18 Cet idéalisme est accusé de propager des illusions mystiques [22]. Le discours anticlérical reproche au monde catholique de favoriser un illuminisme apparenté à de l’hystérie [23]. La naïveté de la jeune fille devient de l’ignorance, son ingénuité de la niaiserie. On fait le procès d’une dévotion coupable d’éloigner les jeunes filles des préoccupations mondaines. C’est en réponse à cette accusation qu’une œuvre comme Les Trois Sœurs de Céline Fallet s’essaye à convertir la vierge chrétienne aux vertus domestiques. Le roman quitte les régions de l’idéal pour adopter une vision plus pratique des devoirs de la jeune fille. La dévotion est abandonnée au profit des soins du ménage. La spiritualité, nettement en retrait, laisse place aux valeurs de la famille. Les Trois Sœurs répond à la critique du mysticisme en inventant une jeune fille capable de concilier devoirs de la religion et entretien du foyer. Le terme de l’œuvre n’est pas la conversion, mais l’économie ménagère enfin comprise. La mort de Berthe à l’ouverture du récit consomme la disparition de la vierge chrétienne, convertie aux valeurs bourgeoises. La jeune fille ne laisse derrière elle que les oripeaux d’une dévotion faussement idéaliste, qui rencontre le regard critique de la vierge domestique :

19

Figure-toi une toute petite pièce entièrement tendue de mousseline blanche ; une étroite couchette en bois des îles, de couleur paille, cachée sous des rideaux de tulle blanc, doublés de taffetas bleu de ciel ; entre les rideaux est un bénitier représentant un ange aux ailes déployées ; à la tête du lit, un prie-Dieu en tapisserie au petit point, dont le dessin est une couronne de ces jolies petites fleurs bleues qu’on appelle : Ne m’oubliez pas. Au-dessus de ce prie-Dieu, une belle image de la Vierge d’après Raphaël [24].

IDÉALISME OU BÉGUEULISME

20 Ce style décoratif, qui érige la virginité en canon d’une esthétique dont le puritanisme verse dans la niaiserie, a pu nourrir l’accusation de « bégueulisme [25] ». Les romans pour jeune fille attirent la réprobation de la critique, moins attentive au véhicule idéologique qu’ils représentent qu’à la médiocrité de leur réalisation esthétique. La littérature idéaliste d’Octave Feuillet apparaît comme une exception qui se perd dans la masse pléthorique d’une librairie catholique alimentée par ceux que Vallès épinglait du titre peu flatteur de « bondieusards [26] ». Un contingent d’écrivains mercenaires approvisionne les catalogues des maisons d’édition catholiques. Céline Fallet dont les ventes s’élèvent à 1.1 millions d’exemplaires [27] entre dans cette catégorie d’auteurs qu’Hippolyte Michon nommait le « troisième sexe ultramontain [28] ». L’expression, qui désigne les femmes écrivant sous pseudonyme masculin pour dissimuler une industrie malséante au beau sexe, renchérit sur la réputation de sentimentalisme bête qui pèse sur la littérature du monde catholique.
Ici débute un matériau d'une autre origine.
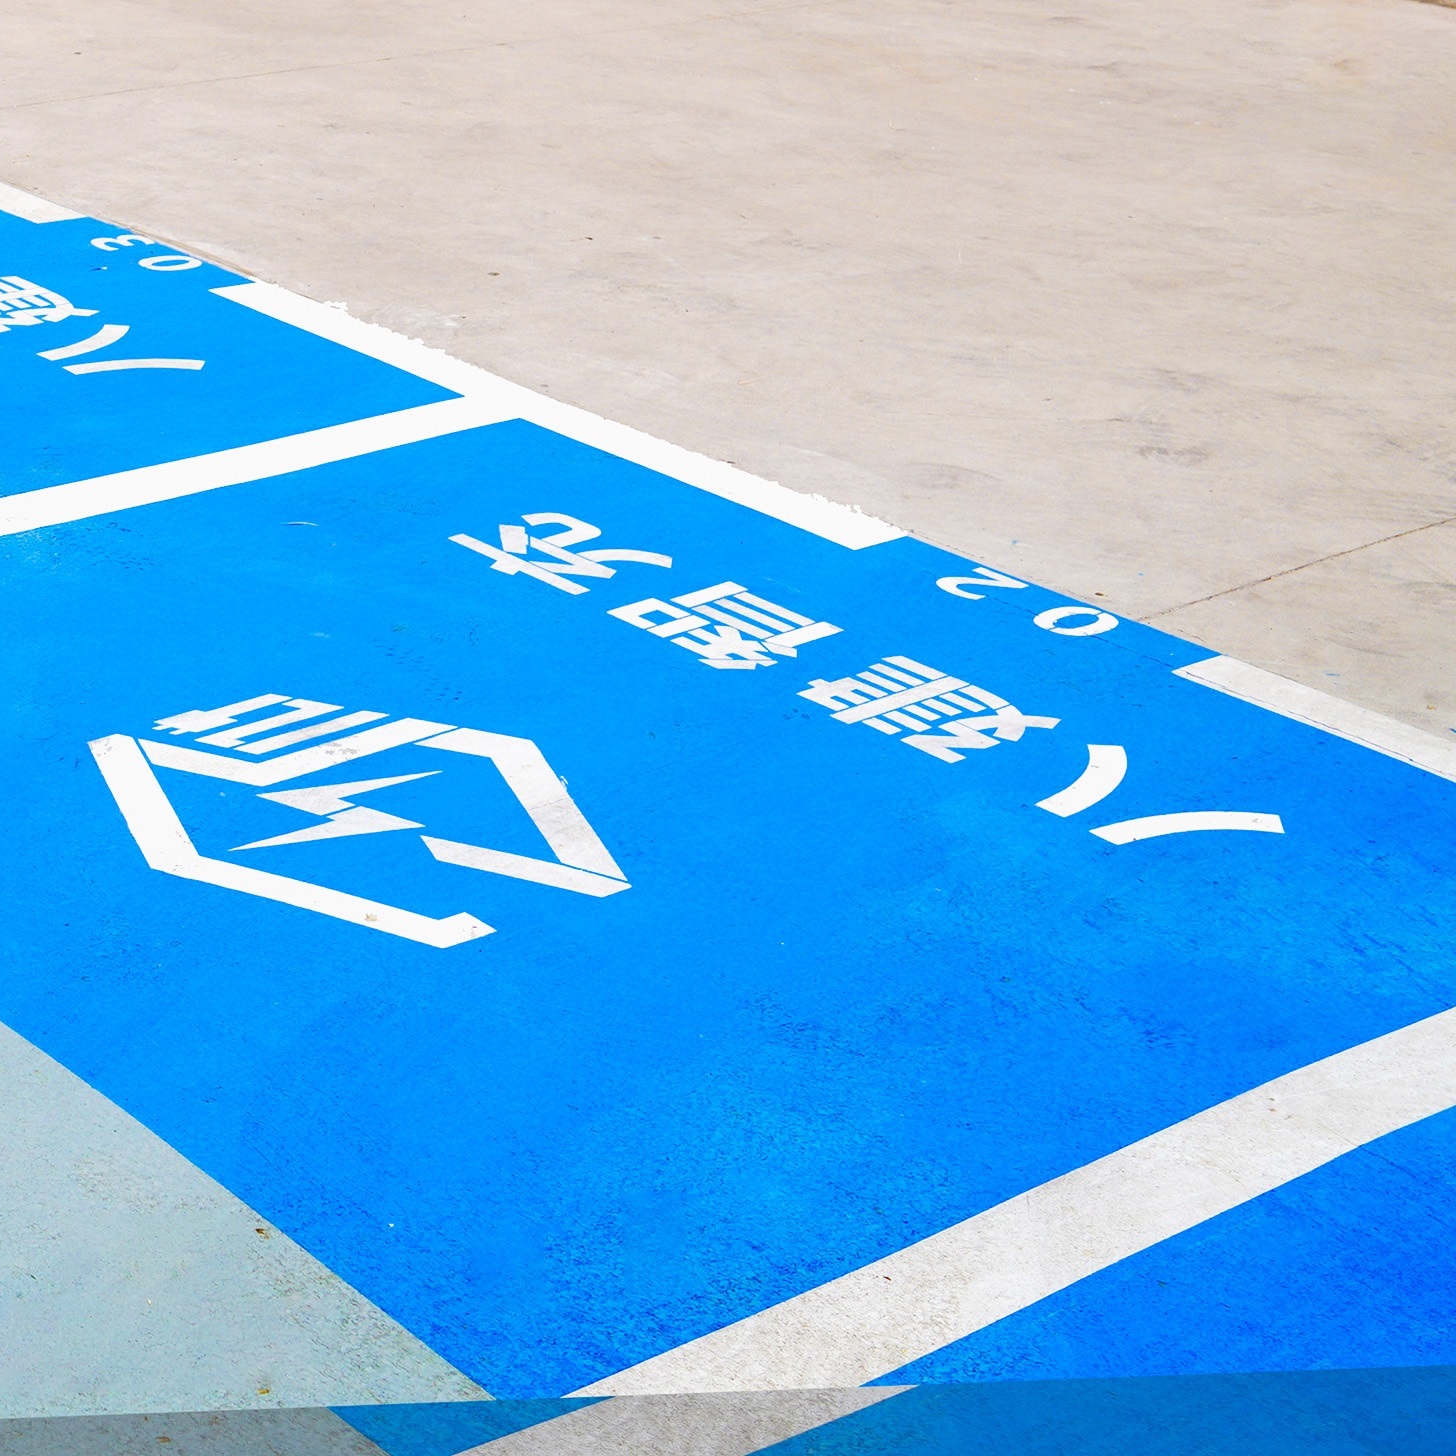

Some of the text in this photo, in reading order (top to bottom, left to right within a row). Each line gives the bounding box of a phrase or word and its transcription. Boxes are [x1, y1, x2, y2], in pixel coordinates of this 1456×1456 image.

[91, 234, 204, 272] 03
[936, 566, 1119, 636] 02
[448, 512, 1286, 847] 八建智充
21 Le roman honnête, assimilé au roman pieux de la librairie catholique, entre dans ce que Léon Bloy nommait le « cloaque de l’innocence [29] », cet équivalent littéraire du style sulpicien. L’accusation n’est pas sans fondement. Le développement d’une industrie religieuse autour du quartier Saint-Sulpice, donne le ton aux maisons d’édition catholiques situées en province. Hippolyte Michon, pourfendeur du catholicisme ultramontain, décrit les dérives d’une esthétique qui s’adonne aux puérilités mièvres du joli :

22

Images à dentelles et à ressorts, lyres colombes roucoulantes, échelles mystérieuses, orangers à surprises, guitares, cœurs trop enflammés, Vierges mielleuses, Enfant-Jésus en cire et en carton-pâte, petites chapelles mécaniques, petites horreurs de tout genre, que voulez-vous de moi [30] ?
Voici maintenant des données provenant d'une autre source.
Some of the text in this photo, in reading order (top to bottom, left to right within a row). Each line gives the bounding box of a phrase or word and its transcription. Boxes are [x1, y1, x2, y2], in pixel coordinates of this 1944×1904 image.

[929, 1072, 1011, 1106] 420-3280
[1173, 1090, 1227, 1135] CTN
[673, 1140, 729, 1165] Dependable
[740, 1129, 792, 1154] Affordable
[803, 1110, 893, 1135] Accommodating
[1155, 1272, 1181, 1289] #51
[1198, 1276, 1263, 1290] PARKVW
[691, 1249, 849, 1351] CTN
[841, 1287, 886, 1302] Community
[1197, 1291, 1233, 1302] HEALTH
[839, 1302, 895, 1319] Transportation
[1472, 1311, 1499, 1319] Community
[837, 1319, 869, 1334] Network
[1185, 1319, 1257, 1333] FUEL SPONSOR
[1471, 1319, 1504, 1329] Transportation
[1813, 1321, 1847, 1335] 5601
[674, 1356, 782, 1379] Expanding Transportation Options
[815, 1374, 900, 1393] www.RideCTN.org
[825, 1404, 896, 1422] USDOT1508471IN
23 L’invention d’un roman catholique pour jeune fille s’accompagne de l’évolution d’une littérature pieuse alimentée par le développement des petites dévotions : dévotion à la Vierge, au Sacré-Cœur, au Saint-Sacrement, à saint Joseph. Symptôme d’un retour de la sensibilité religieuse à un mysticisme sentimental, le roman pour jeune fille souffre d’une double accusation. Il corromprait l’esprit des jeunes filles en les poussant à l’illuminisme et pervertirait leur goût par le biais d’une esthétique sentimentaliste, celles des « innumérables Immaculées Conceptions de Lourdes, en premières communiantes azurées d’un large ruban, offrant au ciel, à mains jointes, l’indubitable innocence de leur émail et de leur carmin [31] ».
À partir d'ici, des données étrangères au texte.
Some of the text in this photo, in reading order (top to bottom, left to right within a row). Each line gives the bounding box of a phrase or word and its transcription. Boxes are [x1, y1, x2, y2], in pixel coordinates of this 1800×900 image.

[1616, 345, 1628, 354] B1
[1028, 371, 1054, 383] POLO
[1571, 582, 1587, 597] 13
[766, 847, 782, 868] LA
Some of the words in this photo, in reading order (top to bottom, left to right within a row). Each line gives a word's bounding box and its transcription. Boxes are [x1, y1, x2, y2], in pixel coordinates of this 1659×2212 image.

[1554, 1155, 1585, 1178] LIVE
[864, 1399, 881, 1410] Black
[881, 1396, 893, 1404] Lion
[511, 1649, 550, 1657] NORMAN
24 La production de la librairie catholique a mauvaise presse. Identifiée à une littérature industrielle, elle rencontre jusque dans son camp des détracteurs. Alfred Nettement, critique catholique, fondateur de la Semaine des familles et découvreur de Zénaïde Fleuriot, pointait la littérature de la librairie catholique comme composée d’« ouvrages de pacotille exécutés à la toise ou au rabais par des écrivains qui ne s’élèvent pas beaucoup au-dessus des manœuvres [32] ». Renâclant dans Le Roman contemporain à reconnaître l’existence d’un roman catholique, il ne parle qu’avec réticence de ce qu’il appelle le roman de piété. L’idéal de pureté du roman honnête se heurte à la médiocrité de ses réalisations. Pour Nettement, le roman honnête constitue un oxymore :

25

On fait dire à un homme de beaucoup d’esprit qu’en fait de roman il n’y avait de bon que les mauvais. Ils sont une des plaies de la littérature contemporaine, et je crains qu’ils ne rendent aucun service à la religion [33].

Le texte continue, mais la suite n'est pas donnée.